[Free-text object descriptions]
○ ○ ○ ○

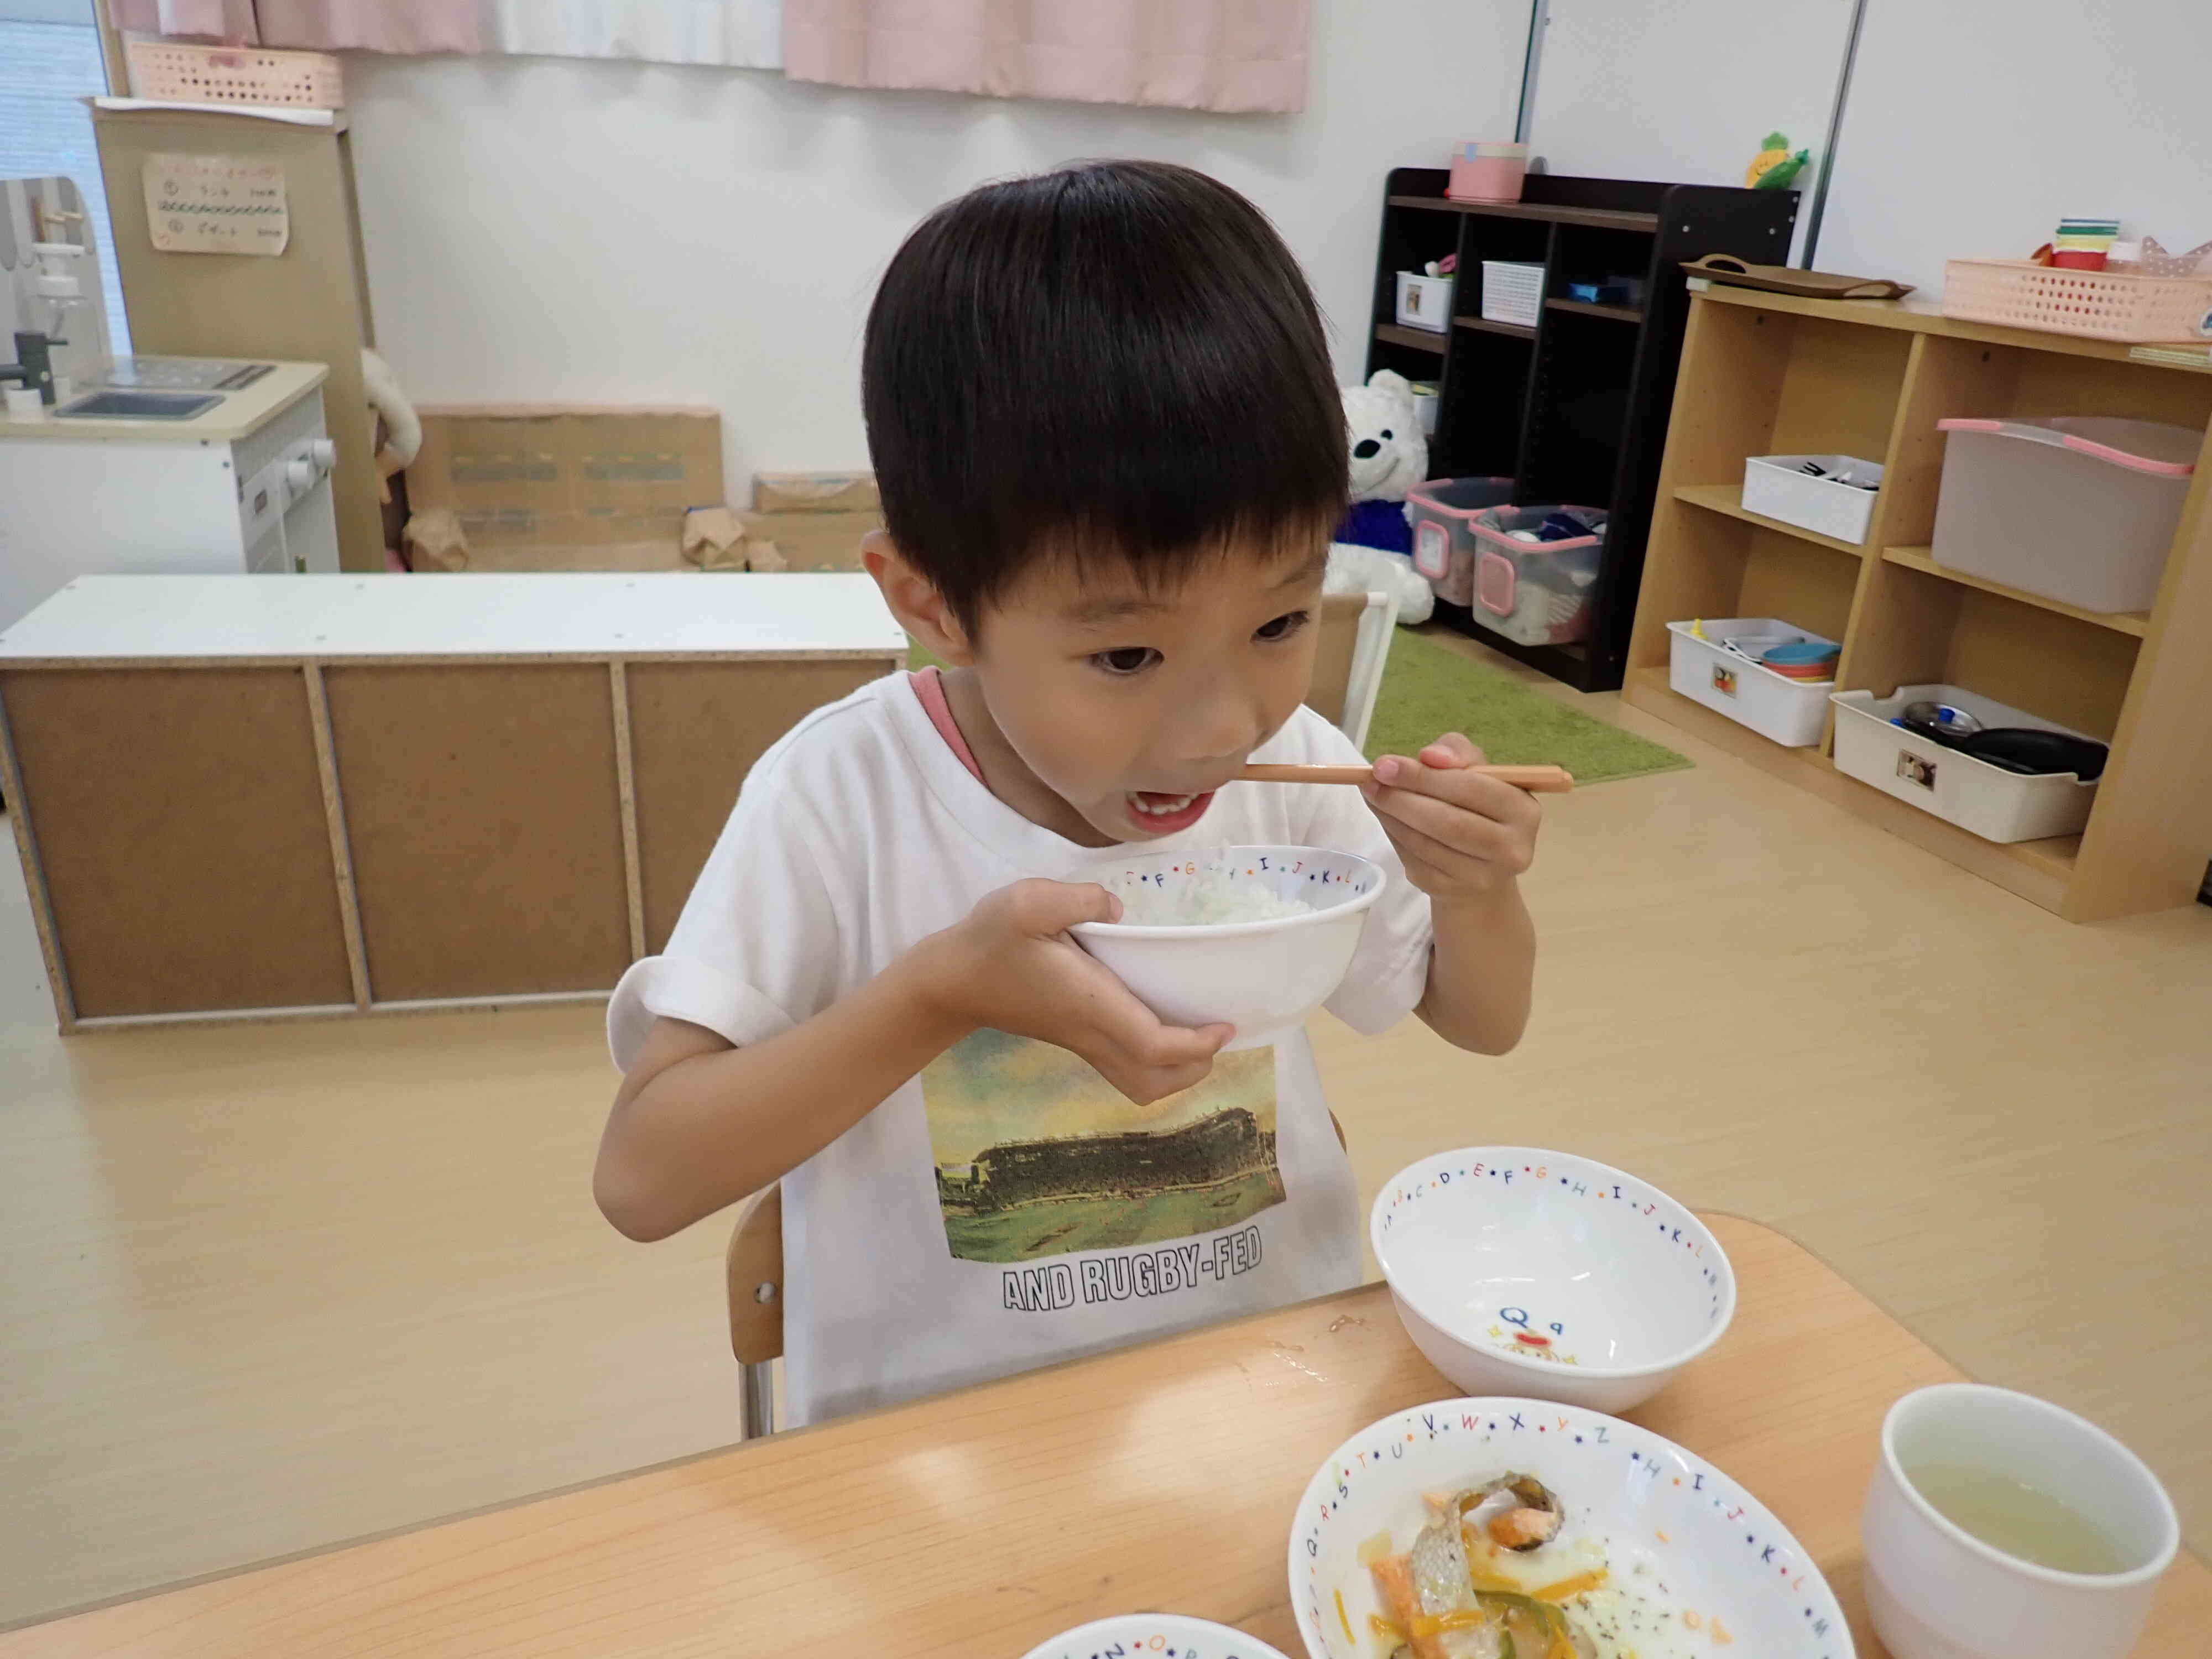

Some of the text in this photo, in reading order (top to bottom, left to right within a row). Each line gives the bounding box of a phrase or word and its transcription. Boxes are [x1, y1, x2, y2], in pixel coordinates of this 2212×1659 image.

[1155, 873, 1164, 888] F
[1185, 862, 1195, 875] G
[1259, 857, 1269, 870] I
[1292, 861, 1303, 874] J
[1322, 870, 1329, 884] K
[1439, 1172, 1450, 1184] D
[1473, 1163, 1484, 1177] E
[1504, 1170, 1513, 1185] F
[1536, 1166, 1547, 1179] G
[1571, 1182, 1587, 1197] H
[1612, 1186, 1621, 1199] I
[1643, 1203, 1656, 1215] J
[1672, 1228, 1681, 1243] K
[1003, 1225, 1262, 1311] AND RUGBY-FED
[1499, 1307, 1528, 1329] Q
[1320, 1504, 1329, 1521] R
[1338, 1482, 1348, 1499] S
[1356, 1452, 1366, 1468] T
[1391, 1442, 1402, 1459] U
[1422, 1414, 1433, 1431] V
[1461, 1413, 1479, 1431] W
[1509, 1412, 1525, 1431] X
[1595, 1426, 1610, 1443] Z
[1643, 1459, 1661, 1478] H
[1693, 1473, 1704, 1490] I
[1727, 1506, 1744, 1519] J
[1761, 1544, 1776, 1564] K

○ ○ ○ ○

Directions => Could you print all the entries exactly as they stand, with the pictures left out?

Response =>
Some of the text in this photo, in reading order (top to bottom, left to right within a row). Each line gives the bounding box of a phrase or word and its transcription. Boxes are [x1, y1, x2, y2], in pixel coordinates of this 2212×1659 image.

[1155, 873, 1164, 888] F
[1185, 862, 1195, 875] G
[1259, 857, 1269, 870] I
[1292, 861, 1303, 874] J
[1322, 870, 1329, 884] K
[1439, 1172, 1450, 1184] D
[1473, 1163, 1484, 1177] E
[1504, 1170, 1513, 1185] F
[1536, 1166, 1547, 1179] G
[1571, 1182, 1587, 1197] H
[1612, 1186, 1621, 1199] I
[1643, 1203, 1656, 1215] J
[1672, 1228, 1681, 1243] K
[1003, 1225, 1262, 1311] AND RUGBY-FED
[1499, 1307, 1528, 1329] Q
[1320, 1504, 1329, 1521] R
[1338, 1482, 1348, 1499] S
[1356, 1452, 1366, 1468] T
[1391, 1442, 1402, 1459] U
[1422, 1414, 1433, 1431] V
[1461, 1413, 1479, 1431] W
[1509, 1412, 1525, 1431] X
[1595, 1426, 1610, 1443] Z
[1643, 1459, 1661, 1478] H
[1693, 1473, 1704, 1490] I
[1727, 1506, 1744, 1519] J
[1761, 1544, 1776, 1564] K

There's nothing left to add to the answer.